The problem
Without copying the images, write out all the entries below verbatim.

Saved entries
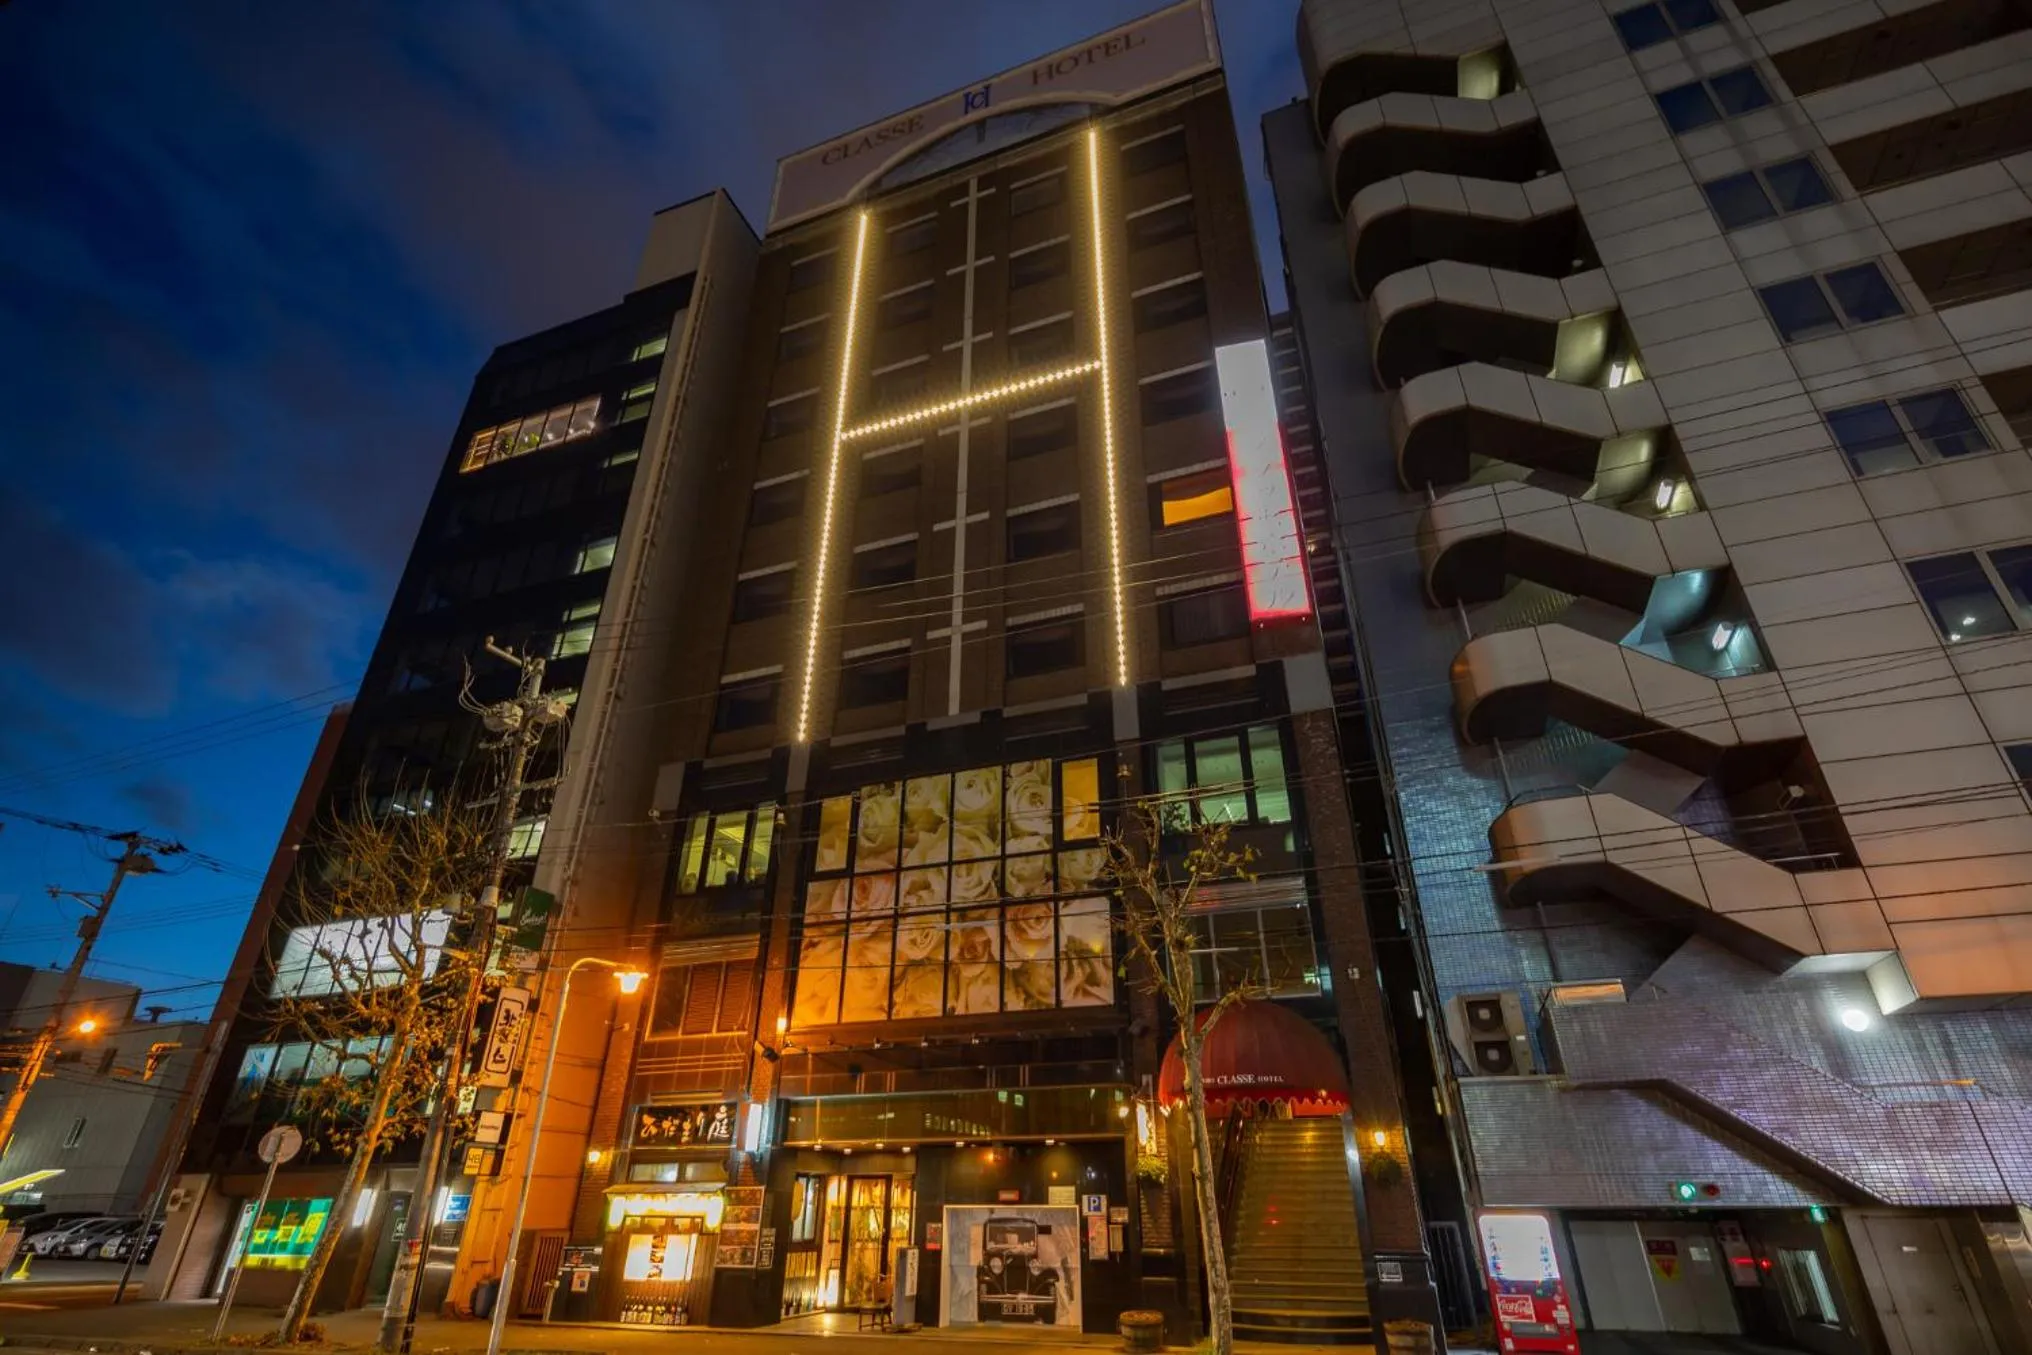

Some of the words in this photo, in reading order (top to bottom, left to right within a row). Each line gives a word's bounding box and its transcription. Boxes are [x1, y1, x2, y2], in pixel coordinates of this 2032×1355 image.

[821, 113, 925, 167] CLASSE
[1031, 32, 1147, 87] HOTEL
[1217, 1073, 1256, 1085] CLASSE
[1257, 1074, 1284, 1084] HOTEL
[1090, 1197, 1100, 1212] P
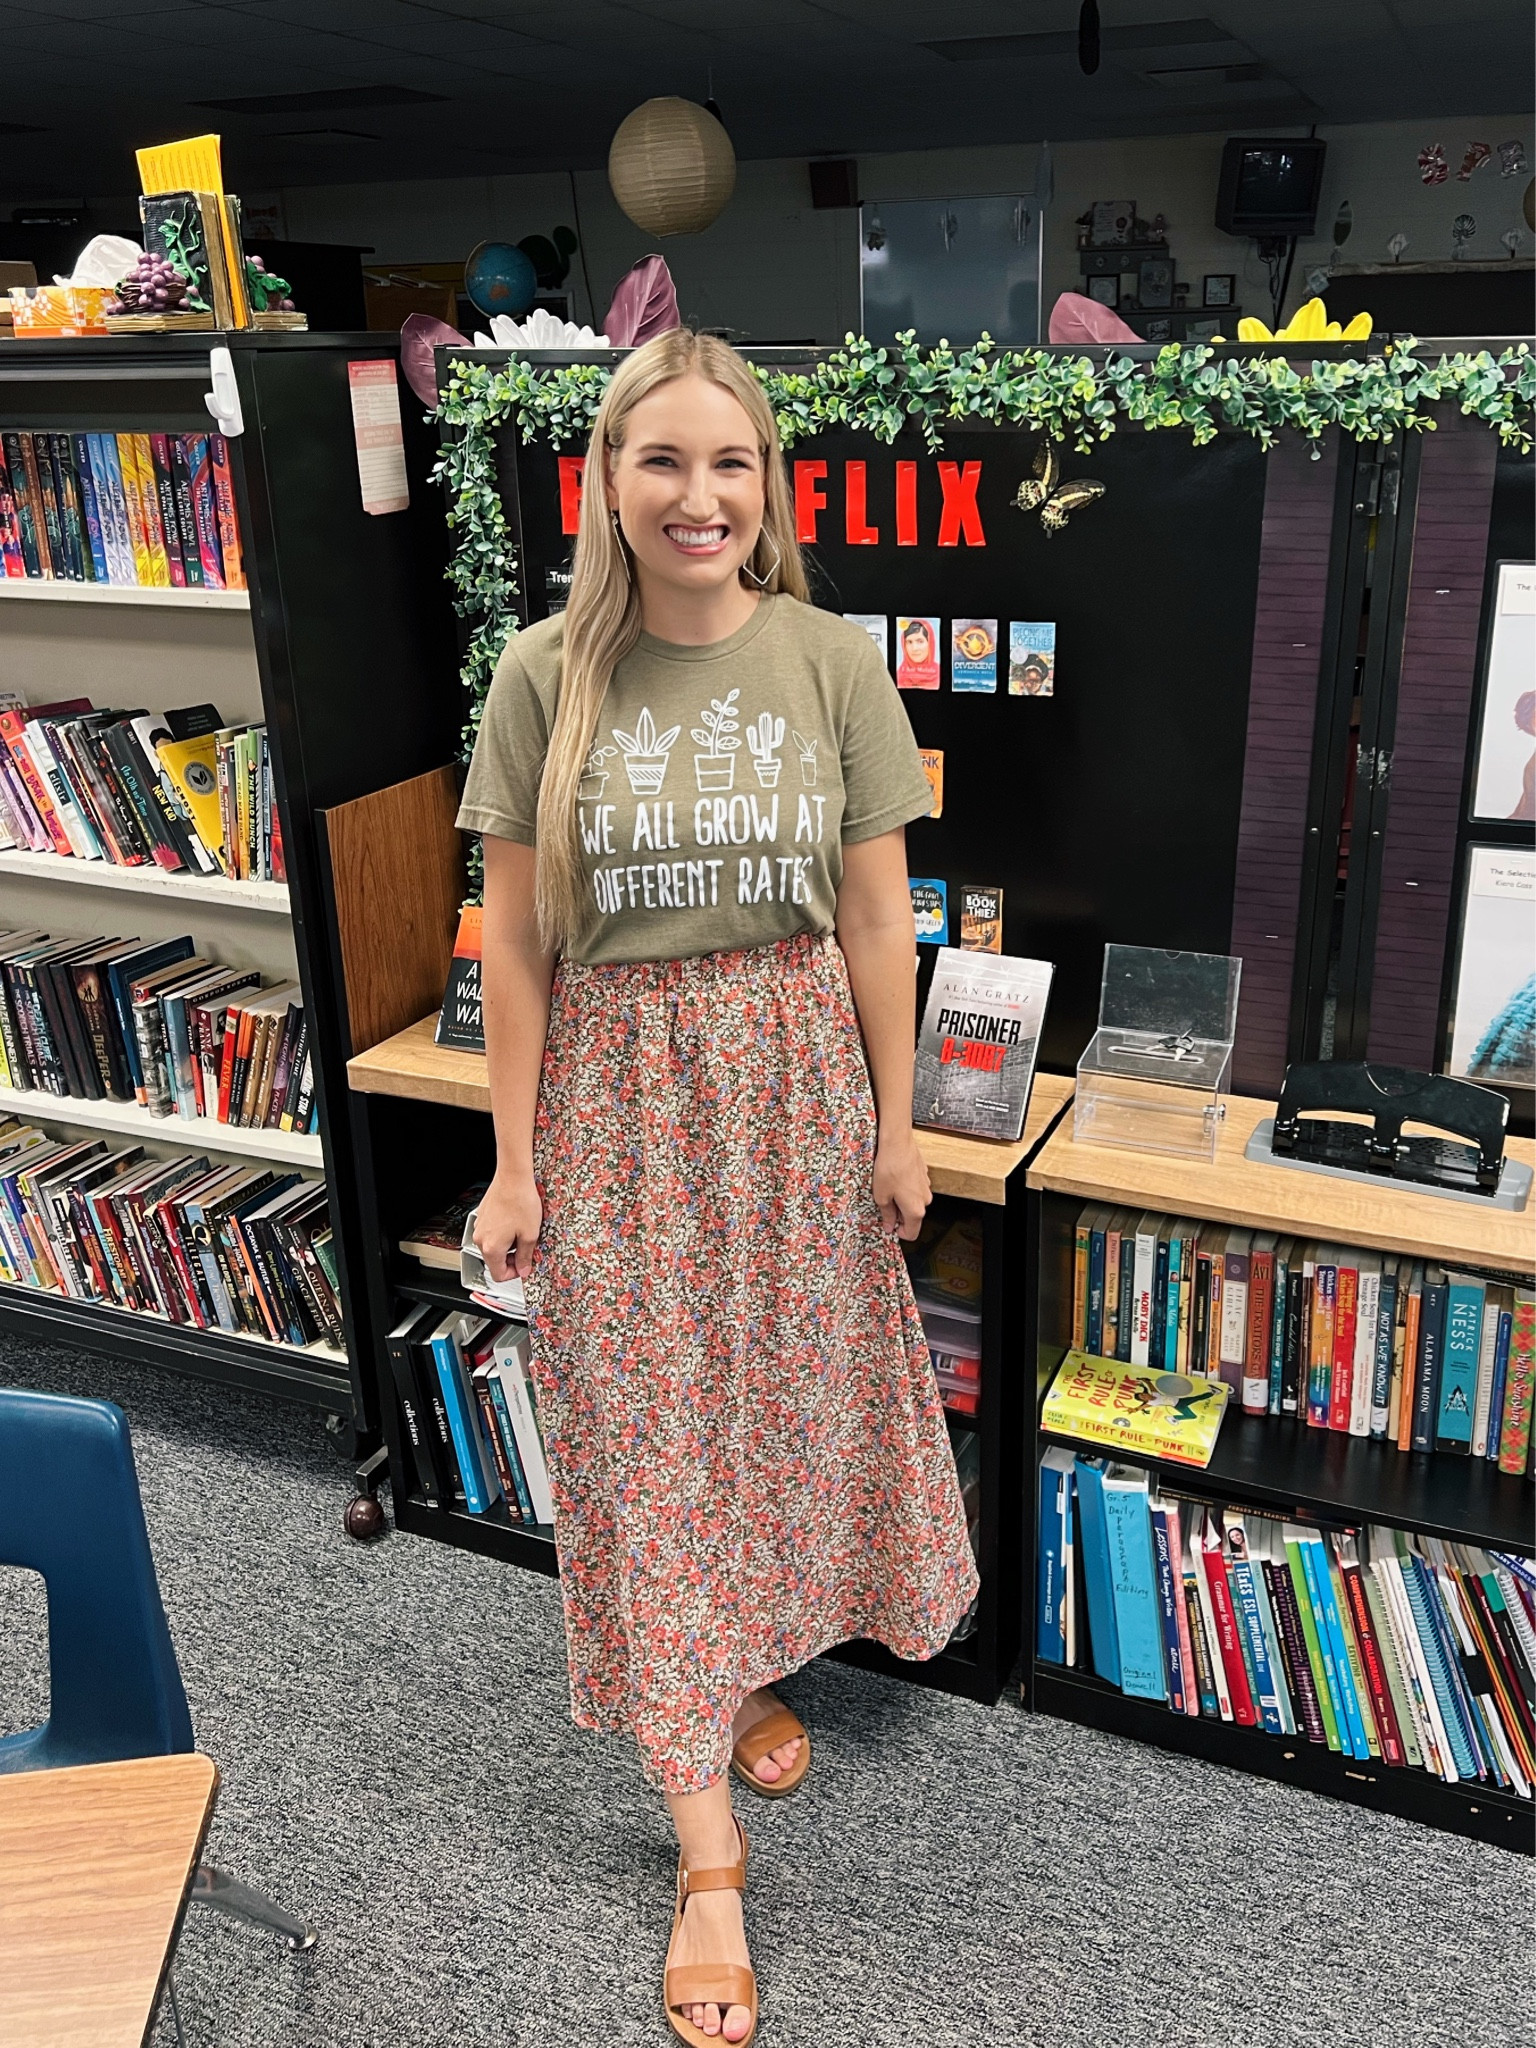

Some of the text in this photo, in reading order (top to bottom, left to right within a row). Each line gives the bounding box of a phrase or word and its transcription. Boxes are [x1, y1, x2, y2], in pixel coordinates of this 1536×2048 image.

Reply
Some of the words in this photo, in reading order (top to bottom, left to right within a row). Each line gives a word's bounding box and its transcription. Boxes are [x1, y1, x2, y2], in pixel coordinates of this 2032×1355 image.

[821, 113, 925, 167] CLASSE
[1031, 32, 1147, 87] HOTEL
[1217, 1073, 1256, 1085] CLASSE
[1257, 1074, 1284, 1084] HOTEL
[1090, 1197, 1100, 1212] P

Some of the text in this photo, in reading order (top to bottom, left to right within a row). Each line gives the bounding box of a phrase or word and its transcription. Boxes are [x1, y1, x2, y2], in pixel coordinates of this 1536×2048 image.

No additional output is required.